#### [EXERCISE OBJECTIVE]
Print the whole listing again, exactly as it stands.

#### [INPUT DATA]

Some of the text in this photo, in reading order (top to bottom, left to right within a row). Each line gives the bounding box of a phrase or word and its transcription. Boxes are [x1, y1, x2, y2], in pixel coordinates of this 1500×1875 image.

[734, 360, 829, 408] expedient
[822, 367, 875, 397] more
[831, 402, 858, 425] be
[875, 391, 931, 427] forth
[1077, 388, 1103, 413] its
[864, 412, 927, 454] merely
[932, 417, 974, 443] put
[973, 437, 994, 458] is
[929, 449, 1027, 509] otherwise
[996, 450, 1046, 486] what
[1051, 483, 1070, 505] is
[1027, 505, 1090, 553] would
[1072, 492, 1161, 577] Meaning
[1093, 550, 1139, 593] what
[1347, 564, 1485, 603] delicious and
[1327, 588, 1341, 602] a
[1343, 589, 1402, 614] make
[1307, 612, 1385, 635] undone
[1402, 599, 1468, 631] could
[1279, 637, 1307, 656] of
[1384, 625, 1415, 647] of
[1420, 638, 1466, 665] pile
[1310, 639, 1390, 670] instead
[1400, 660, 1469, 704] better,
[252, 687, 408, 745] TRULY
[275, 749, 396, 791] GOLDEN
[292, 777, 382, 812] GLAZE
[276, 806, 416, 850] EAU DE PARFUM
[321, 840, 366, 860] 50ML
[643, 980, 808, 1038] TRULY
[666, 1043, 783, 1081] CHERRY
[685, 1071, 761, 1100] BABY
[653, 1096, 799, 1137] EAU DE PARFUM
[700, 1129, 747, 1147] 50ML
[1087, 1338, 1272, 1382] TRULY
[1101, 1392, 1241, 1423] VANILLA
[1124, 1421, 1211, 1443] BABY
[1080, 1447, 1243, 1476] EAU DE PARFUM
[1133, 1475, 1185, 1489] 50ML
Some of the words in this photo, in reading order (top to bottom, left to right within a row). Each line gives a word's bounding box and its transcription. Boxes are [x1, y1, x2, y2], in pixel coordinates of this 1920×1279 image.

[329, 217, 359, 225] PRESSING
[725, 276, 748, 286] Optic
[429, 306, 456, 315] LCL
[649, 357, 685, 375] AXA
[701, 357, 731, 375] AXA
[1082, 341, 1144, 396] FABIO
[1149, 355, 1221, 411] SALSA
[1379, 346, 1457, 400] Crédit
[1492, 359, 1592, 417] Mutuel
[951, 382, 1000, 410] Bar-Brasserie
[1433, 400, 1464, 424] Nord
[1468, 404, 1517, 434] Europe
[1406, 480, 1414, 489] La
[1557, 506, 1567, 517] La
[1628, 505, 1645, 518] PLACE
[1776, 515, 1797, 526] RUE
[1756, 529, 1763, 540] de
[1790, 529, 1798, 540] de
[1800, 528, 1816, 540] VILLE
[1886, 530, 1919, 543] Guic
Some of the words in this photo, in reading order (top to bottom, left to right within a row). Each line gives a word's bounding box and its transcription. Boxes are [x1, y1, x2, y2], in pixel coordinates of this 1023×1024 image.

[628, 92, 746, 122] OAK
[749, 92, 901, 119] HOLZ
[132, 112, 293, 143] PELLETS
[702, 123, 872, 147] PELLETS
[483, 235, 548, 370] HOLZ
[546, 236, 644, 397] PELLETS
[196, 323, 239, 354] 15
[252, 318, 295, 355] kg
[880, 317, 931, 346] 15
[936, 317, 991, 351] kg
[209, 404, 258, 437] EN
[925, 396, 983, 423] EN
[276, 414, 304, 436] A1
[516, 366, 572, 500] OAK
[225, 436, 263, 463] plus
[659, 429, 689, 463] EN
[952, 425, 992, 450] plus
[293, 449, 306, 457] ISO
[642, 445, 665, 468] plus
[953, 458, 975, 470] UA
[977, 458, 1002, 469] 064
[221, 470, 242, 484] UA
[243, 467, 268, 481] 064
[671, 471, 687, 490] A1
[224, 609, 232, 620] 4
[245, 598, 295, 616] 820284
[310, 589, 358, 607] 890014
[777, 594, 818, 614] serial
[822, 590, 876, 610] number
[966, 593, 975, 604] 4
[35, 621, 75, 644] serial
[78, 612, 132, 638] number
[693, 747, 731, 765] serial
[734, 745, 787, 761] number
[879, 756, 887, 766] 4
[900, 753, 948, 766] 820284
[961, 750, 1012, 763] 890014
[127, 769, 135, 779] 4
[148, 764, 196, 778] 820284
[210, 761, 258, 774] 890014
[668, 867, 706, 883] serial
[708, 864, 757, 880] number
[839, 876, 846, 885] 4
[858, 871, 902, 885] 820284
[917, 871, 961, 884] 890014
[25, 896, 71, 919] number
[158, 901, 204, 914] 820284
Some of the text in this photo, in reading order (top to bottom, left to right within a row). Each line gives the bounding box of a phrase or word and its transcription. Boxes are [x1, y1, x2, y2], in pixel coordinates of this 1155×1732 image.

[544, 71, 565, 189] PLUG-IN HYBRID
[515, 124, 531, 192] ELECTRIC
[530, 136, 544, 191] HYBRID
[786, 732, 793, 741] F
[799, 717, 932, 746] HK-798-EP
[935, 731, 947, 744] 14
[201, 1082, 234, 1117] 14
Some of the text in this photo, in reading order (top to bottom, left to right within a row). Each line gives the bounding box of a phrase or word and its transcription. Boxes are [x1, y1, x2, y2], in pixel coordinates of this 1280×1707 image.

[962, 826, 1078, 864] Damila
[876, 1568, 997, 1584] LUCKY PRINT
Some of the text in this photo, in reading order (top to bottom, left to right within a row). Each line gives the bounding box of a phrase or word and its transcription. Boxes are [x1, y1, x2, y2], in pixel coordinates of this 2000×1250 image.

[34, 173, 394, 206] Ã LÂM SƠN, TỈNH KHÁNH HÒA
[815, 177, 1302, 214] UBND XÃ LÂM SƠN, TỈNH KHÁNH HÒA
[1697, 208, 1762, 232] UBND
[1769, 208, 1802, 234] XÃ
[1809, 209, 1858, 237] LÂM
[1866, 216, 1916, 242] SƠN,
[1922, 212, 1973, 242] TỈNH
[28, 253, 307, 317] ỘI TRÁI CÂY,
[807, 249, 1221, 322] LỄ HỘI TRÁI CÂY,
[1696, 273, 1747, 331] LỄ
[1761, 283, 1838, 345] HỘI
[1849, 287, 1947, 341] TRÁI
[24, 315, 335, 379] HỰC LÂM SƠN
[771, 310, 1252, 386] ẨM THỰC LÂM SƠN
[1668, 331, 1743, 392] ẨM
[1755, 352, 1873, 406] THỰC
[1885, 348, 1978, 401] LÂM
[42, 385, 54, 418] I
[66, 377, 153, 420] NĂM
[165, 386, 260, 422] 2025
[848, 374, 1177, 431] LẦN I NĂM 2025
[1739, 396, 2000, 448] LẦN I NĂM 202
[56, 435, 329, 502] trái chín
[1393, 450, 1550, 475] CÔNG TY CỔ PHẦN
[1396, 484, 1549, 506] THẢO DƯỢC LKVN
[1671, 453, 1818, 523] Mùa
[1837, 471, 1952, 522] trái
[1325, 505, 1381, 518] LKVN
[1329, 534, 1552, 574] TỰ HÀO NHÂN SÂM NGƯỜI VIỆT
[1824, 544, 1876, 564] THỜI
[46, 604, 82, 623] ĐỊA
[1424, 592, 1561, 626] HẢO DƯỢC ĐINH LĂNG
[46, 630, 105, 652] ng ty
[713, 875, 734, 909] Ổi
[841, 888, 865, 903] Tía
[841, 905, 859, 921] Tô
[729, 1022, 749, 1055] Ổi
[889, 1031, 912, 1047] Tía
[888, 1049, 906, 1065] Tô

#### [EXERCISE RESULT]
Some of the text in this photo, in reading order (top to bottom, left to right within a row). Each line gives the bounding box of a phrase or word and its transcription. Boxes are [x1, y1, x2, y2], in pixel coordinates of this 1500×1875 image.

[734, 360, 829, 408] expedient
[822, 367, 875, 397] more
[831, 402, 858, 425] be
[875, 391, 931, 427] forth
[1077, 388, 1103, 413] its
[864, 412, 927, 454] merely
[932, 417, 974, 443] put
[973, 437, 994, 458] is
[929, 449, 1027, 509] otherwise
[996, 450, 1046, 486] what
[1051, 483, 1070, 505] is
[1027, 505, 1090, 553] would
[1072, 492, 1161, 577] Meaning
[1093, 550, 1139, 593] what
[1347, 564, 1485, 603] delicious and
[1327, 588, 1341, 602] a
[1343, 589, 1402, 614] make
[1307, 612, 1385, 635] undone
[1402, 599, 1468, 631] could
[1279, 637, 1307, 656] of
[1384, 625, 1415, 647] of
[1420, 638, 1466, 665] pile
[1310, 639, 1390, 670] instead
[1400, 660, 1469, 704] better,
[252, 687, 408, 745] TRULY
[275, 749, 396, 791] GOLDEN
[292, 777, 382, 812] GLAZE
[276, 806, 416, 850] EAU DE PARFUM
[321, 840, 366, 860] 50ML
[643, 980, 808, 1038] TRULY
[666, 1043, 783, 1081] CHERRY
[685, 1071, 761, 1100] BABY
[653, 1096, 799, 1137] EAU DE PARFUM
[700, 1129, 747, 1147] 50ML
[1087, 1338, 1272, 1382] TRULY
[1101, 1392, 1241, 1423] VANILLA
[1124, 1421, 1211, 1443] BABY
[1080, 1447, 1243, 1476] EAU DE PARFUM
[1133, 1475, 1185, 1489] 50ML
Some of the words in this photo, in reading order (top to bottom, left to right within a row). Each line gives a word's bounding box and its transcription. Boxes are [x1, y1, x2, y2], in pixel coordinates of this 1920×1279 image.

[329, 217, 359, 225] PRESSING
[725, 276, 748, 286] Optic
[429, 306, 456, 315] LCL
[649, 357, 685, 375] AXA
[701, 357, 731, 375] AXA
[1082, 341, 1144, 396] FABIO
[1149, 355, 1221, 411] SALSA
[1379, 346, 1457, 400] Crédit
[1492, 359, 1592, 417] Mutuel
[951, 382, 1000, 410] Bar-Brasserie
[1433, 400, 1464, 424] Nord
[1468, 404, 1517, 434] Europe
[1406, 480, 1414, 489] La
[1557, 506, 1567, 517] La
[1628, 505, 1645, 518] PLACE
[1776, 515, 1797, 526] RUE
[1756, 529, 1763, 540] de
[1790, 529, 1798, 540] de
[1800, 528, 1816, 540] VILLE
[1886, 530, 1919, 543] Guic
Some of the words in this photo, in reading order (top to bottom, left to right within a row). Each line gives a word's bounding box and its transcription. Boxes are [x1, y1, x2, y2], in pixel coordinates of this 1023×1024 image.

[628, 92, 746, 122] OAK
[749, 92, 901, 119] HOLZ
[132, 112, 293, 143] PELLETS
[702, 123, 872, 147] PELLETS
[483, 235, 548, 370] HOLZ
[546, 236, 644, 397] PELLETS
[196, 323, 239, 354] 15
[252, 318, 295, 355] kg
[880, 317, 931, 346] 15
[936, 317, 991, 351] kg
[209, 404, 258, 437] EN
[925, 396, 983, 423] EN
[276, 414, 304, 436] A1
[516, 366, 572, 500] OAK
[225, 436, 263, 463] plus
[659, 429, 689, 463] EN
[952, 425, 992, 450] plus
[293, 449, 306, 457] ISO
[642, 445, 665, 468] plus
[953, 458, 975, 470] UA
[977, 458, 1002, 469] 064
[221, 470, 242, 484] UA
[243, 467, 268, 481] 064
[671, 471, 687, 490] A1
[224, 609, 232, 620] 4
[245, 598, 295, 616] 820284
[310, 589, 358, 607] 890014
[777, 594, 818, 614] serial
[822, 590, 876, 610] number
[966, 593, 975, 604] 4
[35, 621, 75, 644] serial
[78, 612, 132, 638] number
[693, 747, 731, 765] serial
[734, 745, 787, 761] number
[879, 756, 887, 766] 4
[900, 753, 948, 766] 820284
[961, 750, 1012, 763] 890014
[127, 769, 135, 779] 4
[148, 764, 196, 778] 820284
[210, 761, 258, 774] 890014
[668, 867, 706, 883] serial
[708, 864, 757, 880] number
[839, 876, 846, 885] 4
[858, 871, 902, 885] 820284
[917, 871, 961, 884] 890014
[25, 896, 71, 919] number
[158, 901, 204, 914] 820284
Some of the text in this photo, in reading order (top to bottom, left to right within a row). Each line gives the bounding box of a phrase or word and its transcription. Boxes are [x1, y1, x2, y2], in pixel coordinates of this 1155×1732 image.

[544, 71, 565, 189] PLUG-IN HYBRID
[515, 124, 531, 192] ELECTRIC
[530, 136, 544, 191] HYBRID
[786, 732, 793, 741] F
[799, 717, 932, 746] HK-798-EP
[935, 731, 947, 744] 14
[201, 1082, 234, 1117] 14
Some of the text in this photo, in reading order (top to bottom, left to right within a row). Each line gives the bounding box of a phrase or word and its transcription. Boxes are [x1, y1, x2, y2], in pixel coordinates of this 1280×1707 image.

[962, 826, 1078, 864] Damila
[876, 1568, 997, 1584] LUCKY PRINT
Some of the text in this photo, in reading order (top to bottom, left to right within a row). Each line gives the bounding box of a phrase or word and its transcription. Boxes are [x1, y1, x2, y2], in pixel coordinates of this 2000×1250 image.

[34, 173, 394, 206] Ã LÂM SƠN, TỈNH KHÁNH HÒA
[815, 177, 1302, 214] UBND XÃ LÂM SƠN, TỈNH KHÁNH HÒA
[1697, 208, 1762, 232] UBND
[1769, 208, 1802, 234] XÃ
[1809, 209, 1858, 237] LÂM
[1866, 216, 1916, 242] SƠN,
[1922, 212, 1973, 242] TỈNH
[28, 253, 307, 317] ỘI TRÁI CÂY,
[807, 249, 1221, 322] LỄ HỘI TRÁI CÂY,
[1696, 273, 1747, 331] LỄ
[1761, 283, 1838, 345] HỘI
[1849, 287, 1947, 341] TRÁI
[24, 315, 335, 379] HỰC LÂM SƠN
[771, 310, 1252, 386] ẨM THỰC LÂM SƠN
[1668, 331, 1743, 392] ẨM
[1755, 352, 1873, 406] THỰC
[1885, 348, 1978, 401] LÂM
[42, 385, 54, 418] I
[66, 377, 153, 420] NĂM
[165, 386, 260, 422] 2025
[848, 374, 1177, 431] LẦN I NĂM 2025
[1739, 396, 2000, 448] LẦN I NĂM 202
[56, 435, 329, 502] trái chín
[1393, 450, 1550, 475] CÔNG TY CỔ PHẦN
[1396, 484, 1549, 506] THẢO DƯỢC LKVN
[1671, 453, 1818, 523] Mùa
[1837, 471, 1952, 522] trái
[1325, 505, 1381, 518] LKVN
[1329, 534, 1552, 574] TỰ HÀO NHÂN SÂM NGƯỜI VIỆT
[1824, 544, 1876, 564] THỜI
[46, 604, 82, 623] ĐỊA
[1424, 592, 1561, 626] HẢO DƯỢC ĐINH LĂNG
[46, 630, 105, 652] ng ty
[713, 875, 734, 909] Ổi
[841, 888, 865, 903] Tía
[841, 905, 859, 921] Tô
[729, 1022, 749, 1055] Ổi
[889, 1031, 912, 1047] Tía
[888, 1049, 906, 1065] Tô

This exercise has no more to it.